I know it's been quite a while since I've written -- the last time was that year I found Dad in front of the fireplace holding the glass of milk I had left you, with crumbs from the Oreo cookies still stuck between his teeth. But with the miraculous rebound in stock prices and Wall Street profits since last year's financial crisis, I've become a believer again.
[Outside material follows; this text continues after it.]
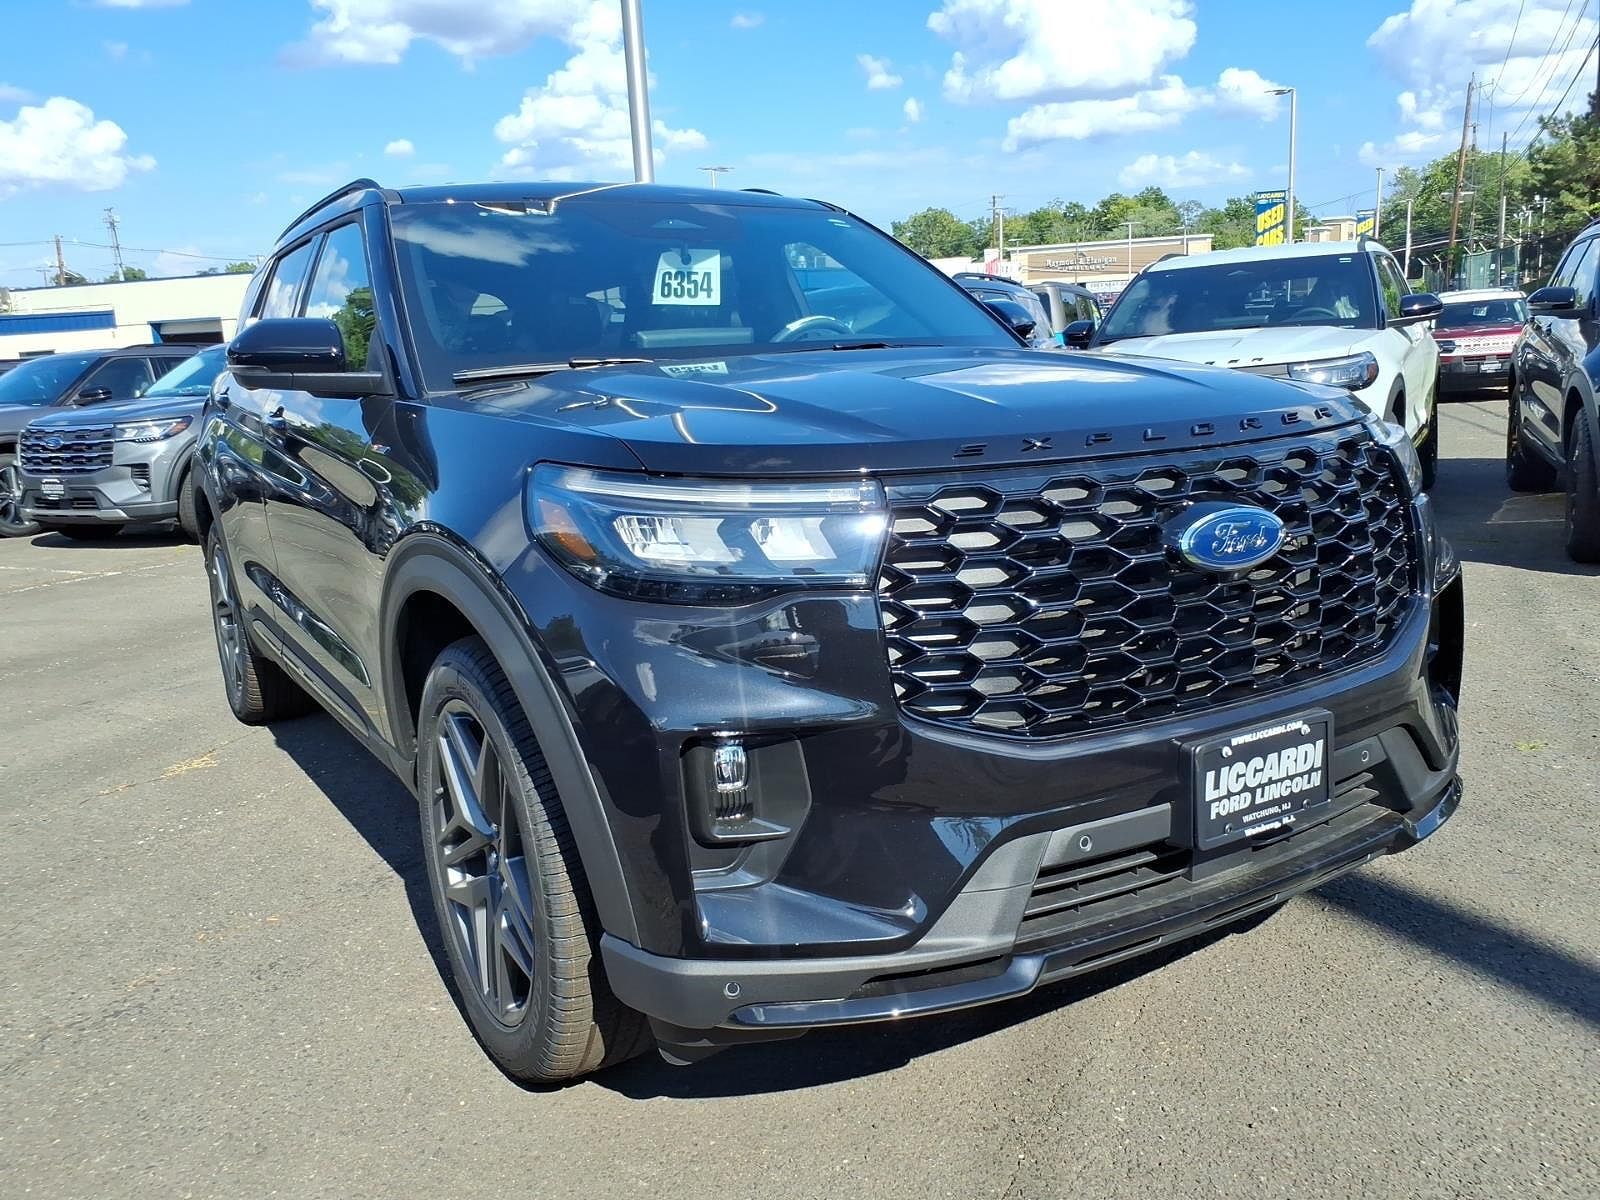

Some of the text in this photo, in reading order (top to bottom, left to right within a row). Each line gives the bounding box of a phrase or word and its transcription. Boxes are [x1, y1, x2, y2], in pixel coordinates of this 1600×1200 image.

So I've enclosed my 2009 Christmas wish list -- nothing for myself, of course, but a few things for others who have been more nice than naughty and may warrant some attention from you this holiday season:

For Treasury Secretary Tim Geithner, one free pass from the U.S. Senate, good for the confirmation of any former Wall Street executive to any position in his department.

For White House Chief of Staff Rahm Emanuel, a seat on the Brookings Institution board and a lifetime pass to the Aspen Ideas Festival.
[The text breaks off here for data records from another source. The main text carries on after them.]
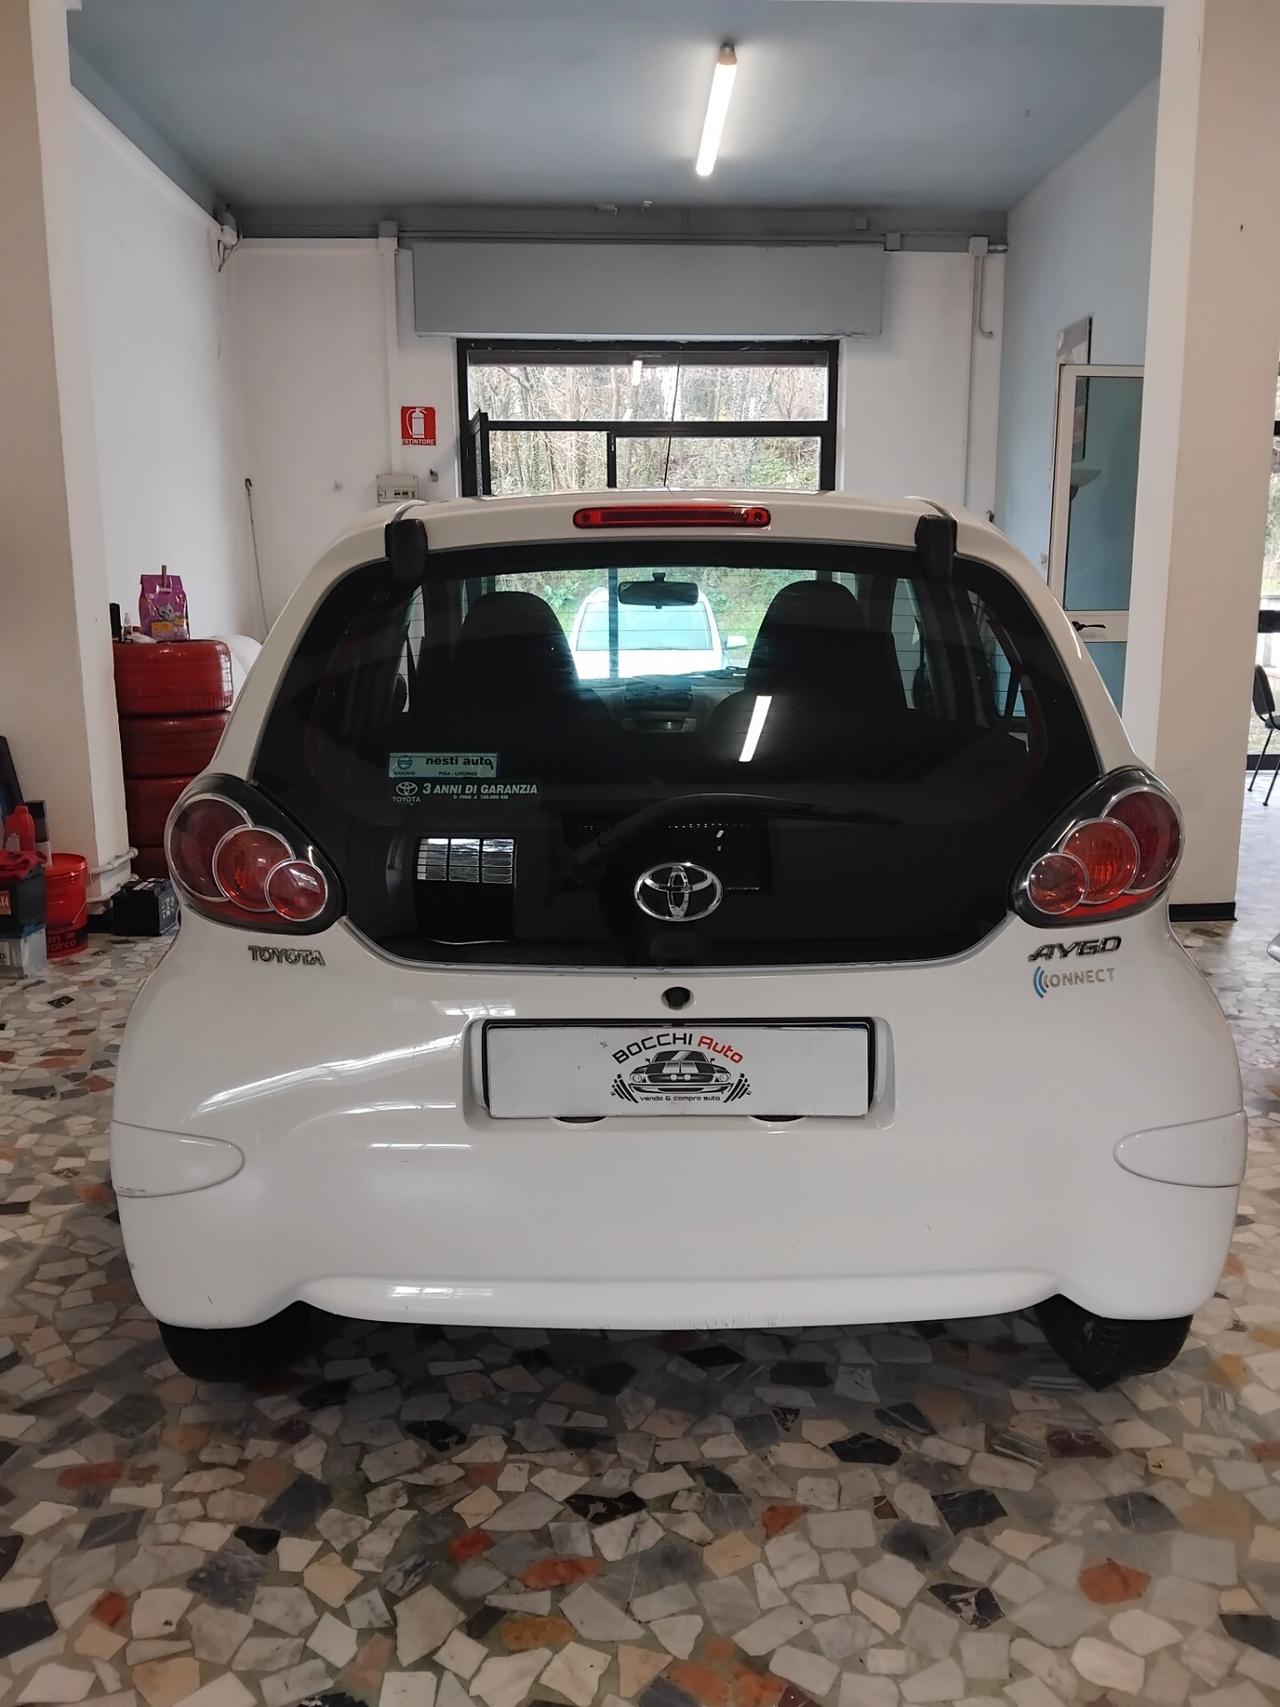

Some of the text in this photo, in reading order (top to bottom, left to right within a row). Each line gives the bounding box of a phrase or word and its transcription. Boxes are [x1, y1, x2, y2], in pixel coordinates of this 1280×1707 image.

[425, 756, 494, 771] nesti auto
[422, 782, 538, 794] 3 ANNI DI GARANZIA
[248, 945, 326, 967] TOYOTA
[1027, 935, 1122, 962] AYGO
[612, 1032, 744, 1064] BOCCHI Auto
For Sen. Richard Shelby, ranking Republican on the Senate Banking Committee, a Rolex watch without a hour hand, a minute hand or a second hand, so he won't be bothered by how long it takes him to make up his mind.

For Rep. Barney Frank, chairman, and the entire staff of the House Financial Services Committee, a week without a hearing.

For Federal Reserve Chairman Ben Bernanke, an autographed Jim Bunning Louisville Slugger and an official "Ron Paul for President" T-shirt.

For Jamie Dimon, chief executive of J.P Morgan Chase, a floor plan of the Treasury building, so he can begin to learn his way around.

For Richard Fuld, former chairman of Lehman Brothers, a DVR, so he can replay all the decisions he made from 2006 to 2008 enough times that he can find just one mistake.

For Lloyd Blankfein, chief executive of Goldman Sachs, a cashmere sackcloth to wear while doing God's work.

For Vikram Pandit, chief executive of Citigroup, a key to the vault of the Federal Reserve Bank of New York, in case he needs to get in again.

For the enforcement staff of the Securities and Exchange Commission, a weekend cruise, with crew, on Bull, a 22-foot yacht once owned by some guy named Madoff.

For Steve Rattner, former head of the White House autos task force, a 2010 Saturn Sky Roadster.

For Lawrence Summers, director of the National Economic Council, an autographed copy of Bernanke's Time Person of the Year cover.

For Ken Lewis, outgoing chief executive of Bank of America, the $87,000 area rug, $68,000 credenza and $28,000 curtains that came with his company's purchase of Merrill Lynch.

For Mitch McConnell, Senate Republican leader, an autographed copy of Ian Fleming's "Dr. No."

For Sen. Joe Lieberman, his very own Medicare card.

For Alan Greenspan, former Fed chairman, a knife, a fork and a crow.

For U.S. Trade Representative Ron Kirk, something to do in 2010.

For Sheila Bair, chairman of the Federal Deposit Insurance Corp., one entirely pleasant conversation with Geithner.

For Jerry Speyer, chairman of Tishman Speyer, a leather-bound copy of New York City's rent-stabilization laws to keep on the shelf at his Stuyvesant Town office.

For Tom Donohue, president of the U.S. Chamber of Commerce, an Apple iPhone and a Nike cap (to trade).

For His Highness Sheik Hamdan bin Mohammed bin Rashid al-Maktoum, crown prince of Dubai, an empty office building built in the shape of a palm tree.

For Bill Green, chief executive of Accenture, a lifetime supply of "Be a Tiger" golf towels.

Thanks for your help. I hope you and Mrs. Claus get a chance to get away for a well-deserved rest after the holiday rush. I hear they're offering some great deals on Las Vegas condos.